The prisoners of the Tower and its values ​​needed good protection. For this, specially trained palace guards were kept.

The position of the guardians of the Tower of London still exists today. Dressed in the uniforms of the Victorian Guardsmen, they guard the castle and conduct guided tours for visitors.

The medieval costume of the guards, in which they are in our time, consists of a black round velvet hat, framed with ribbons. A black cloth blouse with red stripes, the coat of arms of England and the initials of the king on the chest evoke the interest and respect of visitors.

All the guards in the Tower are called beefeaters , the literal translation means “meat-eater.” This interesting nickname stuck in the 15th century. During the widespread famine of the common people, the Tower guards were always fed. Each of them received a huge piece of meat.

The deceased guards of the Tower are still buried in the cellars of the fortress chapel. It is very difficult to get into the elite caste of servants and castle guards. To do this, you need to serve at least 22 years in the armed forces of England. A medal for length of service and a rank of at least senior sergeant are also required.

With a guided tour of the Tower

The prim guards meet their visitors every morning at the main gate of the castle. Accompanied by them, you can take a walk around the fortress. Tourists are escorted along the path of the prisoners who entered the Tower. They will learn about the methods of protecting the fortress during the attack of the enemy.

A visit to Tower Meadow is impressive. This is an eerie and at the same time beautiful place, where more than one thousand inhabitants of England parted with their lives.

Now a memorial complex has been built here. The names of the executed monarchs and the dates of their death are carved on a huge stone. Instruments for torturing prisoners make you shudder and remember what you see for a long time.

Nearby there is the cathedral church of St.
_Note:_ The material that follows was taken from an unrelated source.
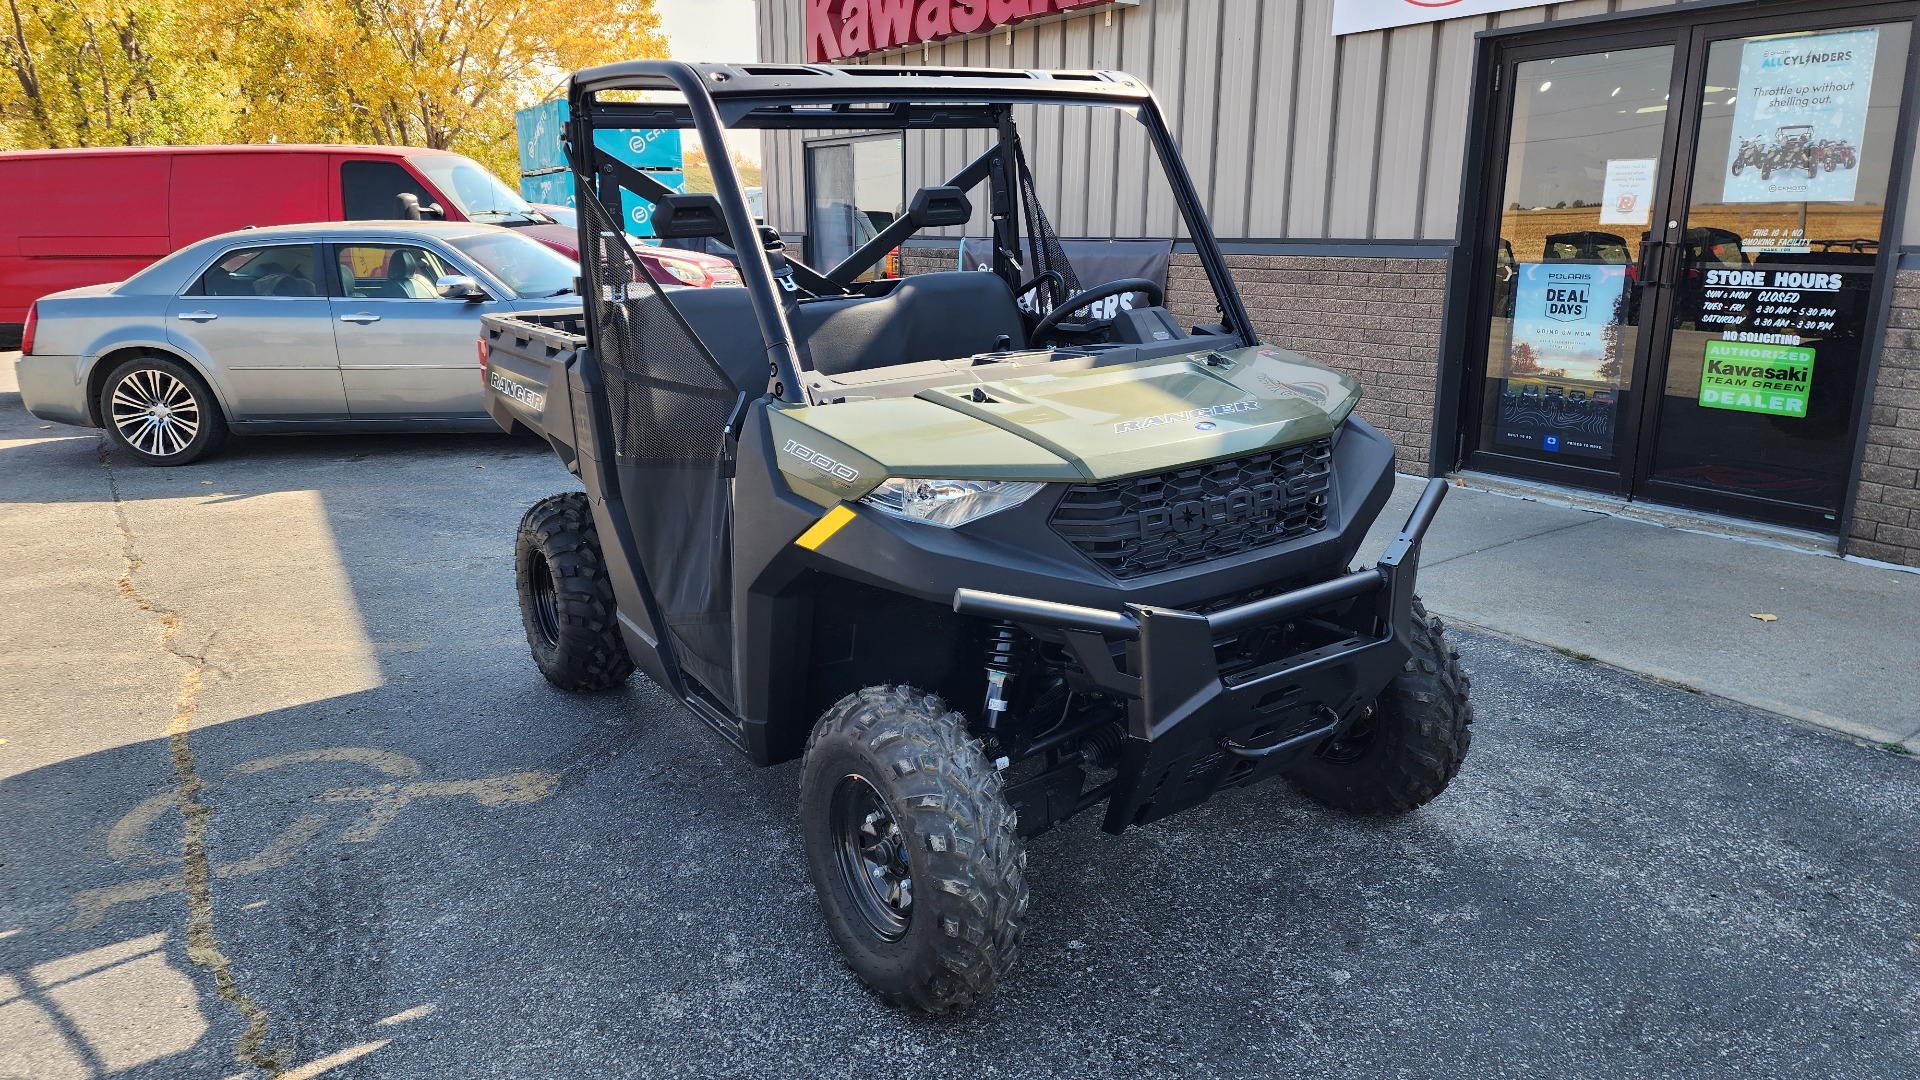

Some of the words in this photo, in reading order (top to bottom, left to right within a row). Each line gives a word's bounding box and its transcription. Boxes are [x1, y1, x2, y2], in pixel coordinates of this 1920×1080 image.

Peter , where services are held for those executed at this place. During the day there is no overcrowding. Ghost legends haunt young people who are trying to catch the shadow of a flickering ghost in the camera lens.
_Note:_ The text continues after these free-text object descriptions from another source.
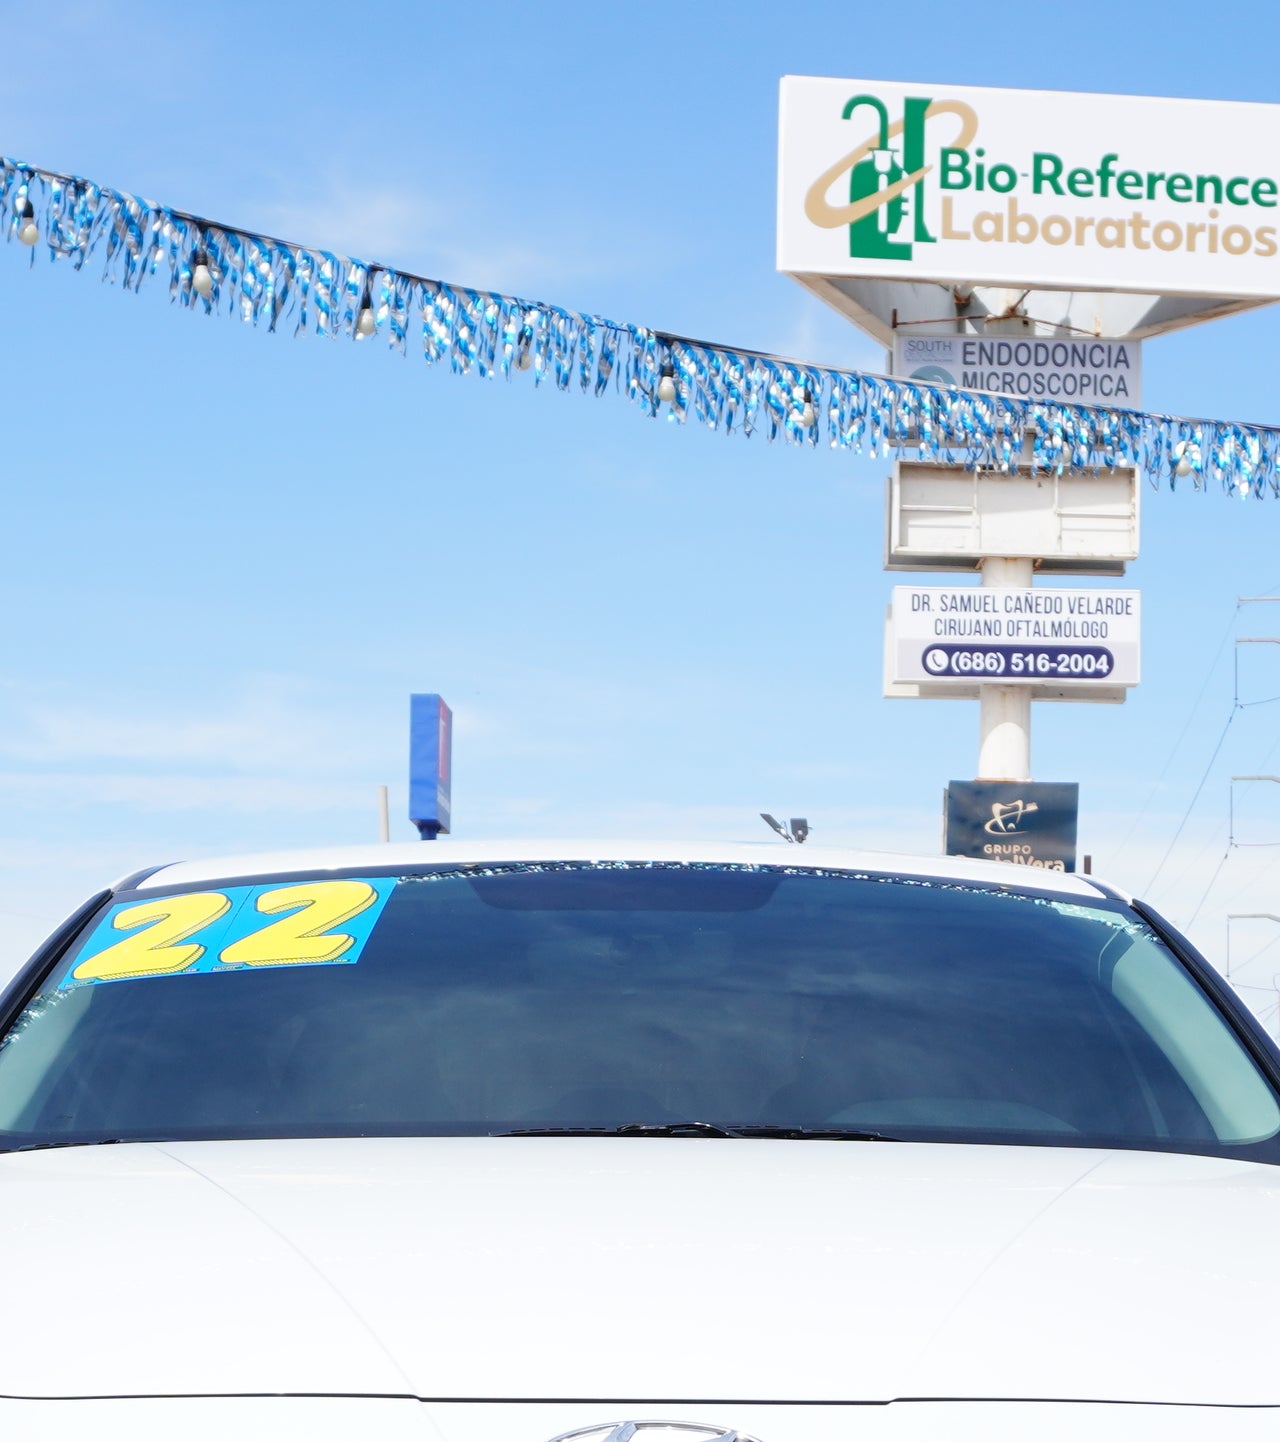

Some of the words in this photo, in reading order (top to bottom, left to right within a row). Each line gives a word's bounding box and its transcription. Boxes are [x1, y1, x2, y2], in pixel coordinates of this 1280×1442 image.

[939, 147, 1278, 208] Bio-Reference
[941, 196, 1278, 258] Laboratorios
[907, 340, 952, 352] SOUTH
[962, 341, 1130, 369] ENDODONCIA
[962, 371, 1129, 397] MICROSCOPICA
[911, 594, 934, 612] DR.
[940, 594, 998, 614] SAMUEL
[1004, 593, 1063, 615] CAÑEDO
[1068, 596, 1133, 616] VELARDE
[934, 618, 1002, 637] CIRUJANO
[1006, 617, 1108, 639] OFTALMÓLOGO
[951, 651, 1005, 673] (686)
[1011, 653, 1109, 673] 516-2004
[983, 844, 1032, 855] GRUPO
When it gets dark outside the windows of the fortress, the service of tourists stops. It was at this time that ghosts became the masters of the gloomy casemate. The talkative guides, once again turning into impregnable sentinels, close the castle gates second by second, according to a tradition that has been going on for more than 7 centuries.

Living tradition

Every day for 700 years, an amazing ceremony called “The Queen’s Keys” has been held on the territory of the Tower. A mesmerizing sight appears before your eyes: massive walls, dim light of lanterns, heels of guards echoing in the silence, red uniforms and bear hats.

Every evening at 10 p.m. The Keeper of the Keys with a lantern in his hands, dressed in the clothes of the Tudor dynasty, leaves the Bloody Tower, the very place where the young heirs of King Edward were deprived of their lives. The Keeper of the Keys walks towards him. The guards close the main gate and walk under the arch of the Bloody Tower. The Keeper of the keys takes off his hat and says: “God save Queen Elizabeth!” Everyone answers: “Amen!”

The chief caretaker then takes the keys to the curfew, where they are kept until morning. This solemn ceremony of handing over and keeping the keys to the castle has never been interrupted for 700 years. Only once was she detained for half an hour in 1941 during a direct attack on the castle by German planes.

Entrance to the ceremony by invitation cards. They can be received by anyone who writes a letter 2 months in advance. The absolutely free ticket will kindly be mailed to you.

Suspension bridge

The Tower of London is visited by 2.5 million people annually, and each of them admires the grandiose building adjacent to the castle. This is a bridge with a unique design. 125 years have passed since its construction.

A suspended bridge with a drawbridge connects the pedestrian walkways of the castle towers. Today it is the cultural center of the city: art exhibitions are held in the aisles of the bridge, there is a permanent exhibition about the rich history of the castle.

Time has no power over the symbol of Great Britain. Still majestic and unshakable, the Tower is the property of kings and one of the residences.